In some cases, the solar customer only has one potential rate that they are eligible for–but other times (as for some PG&E customers) there are multiple options. Choosing the best rate can significantly improve the economics of the project.

If your customer has a choice between rates make sure to explore the financial implications of different options. In a case study of a solar design for a medium-sized office building in PG&E territory in California (illustrated below), we found that choosing a different post-solar rate resulted in over $42,000 in additional savings over the lifetime of the project.

In addition to the fact that increased savings can make your proposal more compelling for the customer, this kind of expertise can distinguish your company in the sales process.

When solar customers have multiple utility rate options, choosing the right one can increase solar savings Figure 3. A case study of a solar design for a medium-sized office building in PG&E territory in California where there were multiple post-solar rate options. In this case, choosing the E-19 TOU rate resulted in over $42,000 more savings for the customer over the lifetime of the project and a multiple percentage point increase in the Internal Rate of Return (IRR) compared to the A-10 TOU rate.
 

3. Explore alternative azimuths for your PV design

Finally, solar designers can also experiment with different azimuths (or orientations) for their solar design in order to adjust the timing of some of the array’s production. For example, if a system is facing west, it may produce less overall but have more production later in the day. In cases where peak hours are late in the day, there may be times when this makes sense.

An example of different solar production profiles resulting from changes in the array azimuth. Changing the azimuth can sometimes help increase savings under TOU ratesFigure 4. An example of the production profiles (the distribution of energy production at different times of the day) of PV systems with different azimuths.

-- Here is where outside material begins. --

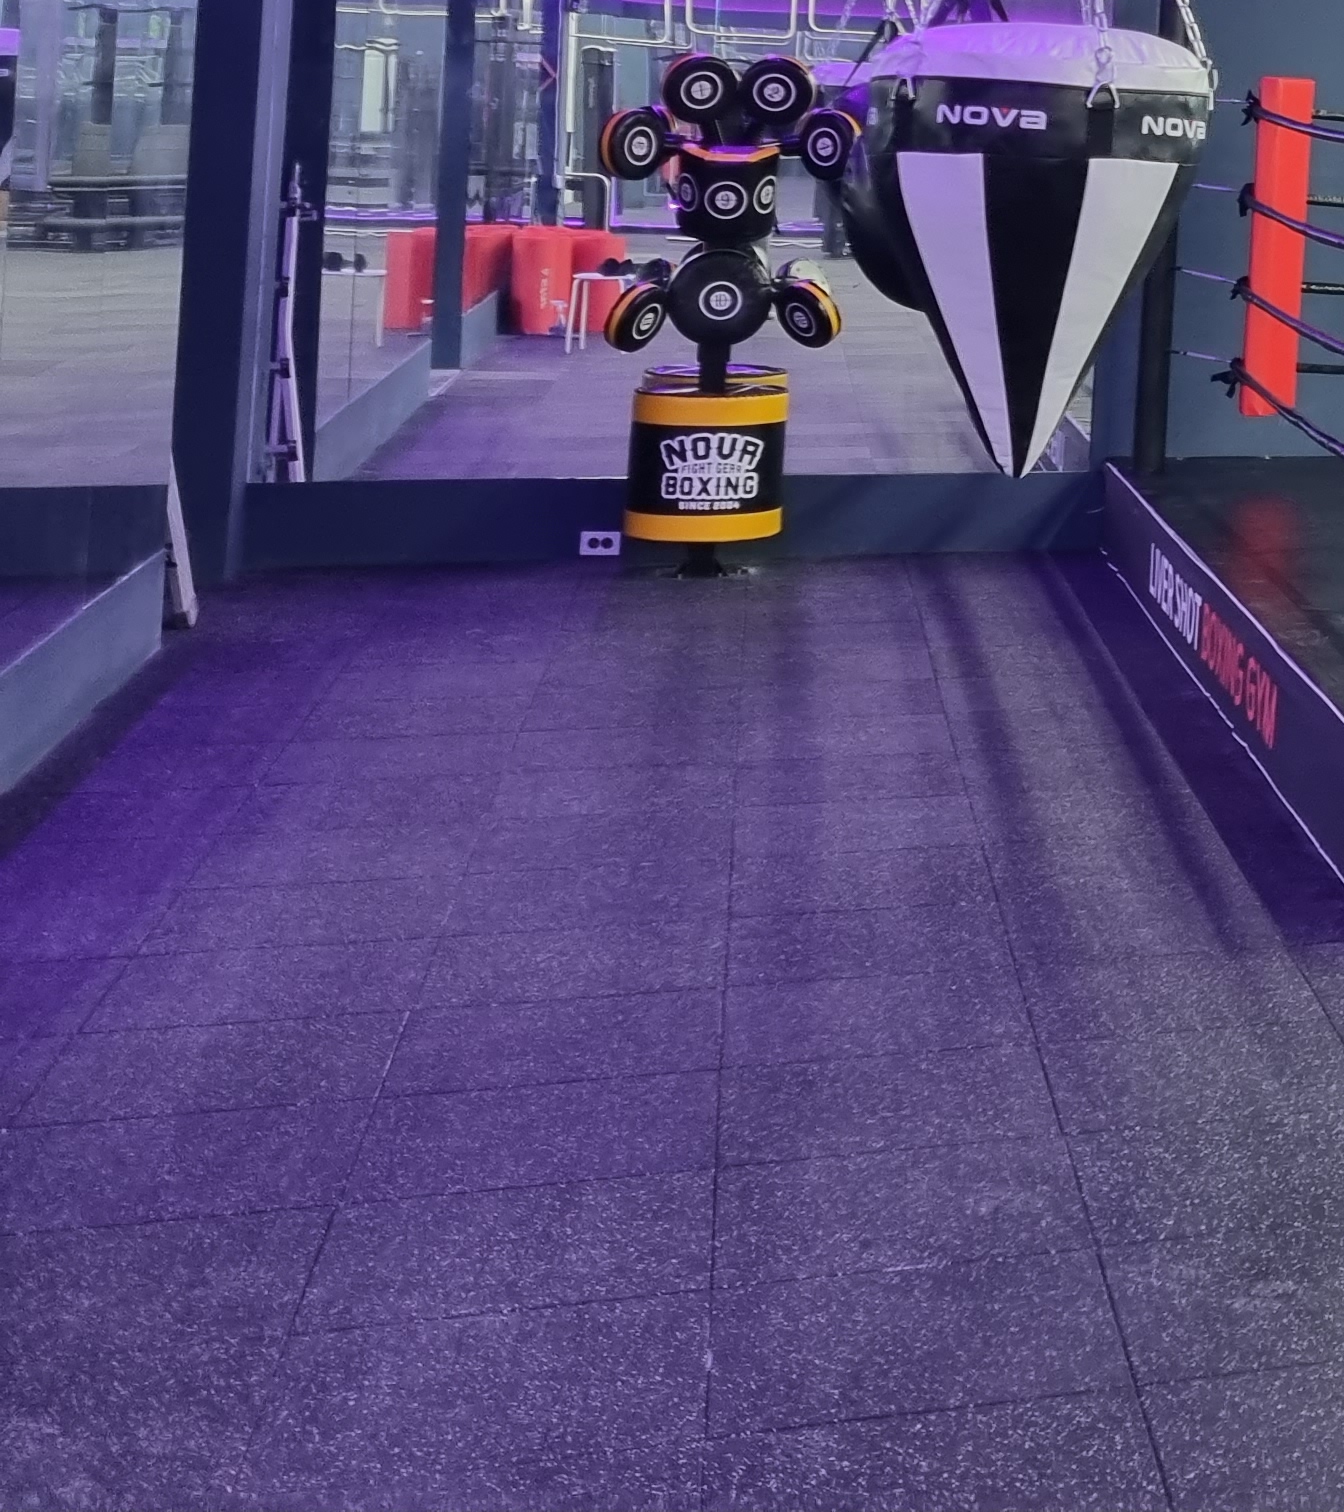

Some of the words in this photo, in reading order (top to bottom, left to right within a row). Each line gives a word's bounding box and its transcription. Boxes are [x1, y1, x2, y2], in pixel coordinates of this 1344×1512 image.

[663, 474, 757, 498] BOXING
[1149, 543, 1175, 622] LIVER
[1173, 573, 1203, 651] SHOT

Again, using an integrated program for solar design and financial analysis makes assessing the merit of these kinds of design changes a lot easier–because you’ll more easily be able to compare the value of the solar energy produced, overall system production, and other financial metrics like payback period.


The rise of solar energy and other broader changes in the electricity grid are spurring the exploration of new rate structures by utilities around the country. While time of use rates may not have arrived in your area yet, they are likely to be a more common phenomenon in the future. Getting smart about how to maximize your customers’ savings under time of use rates can help you stay ahead of the curve.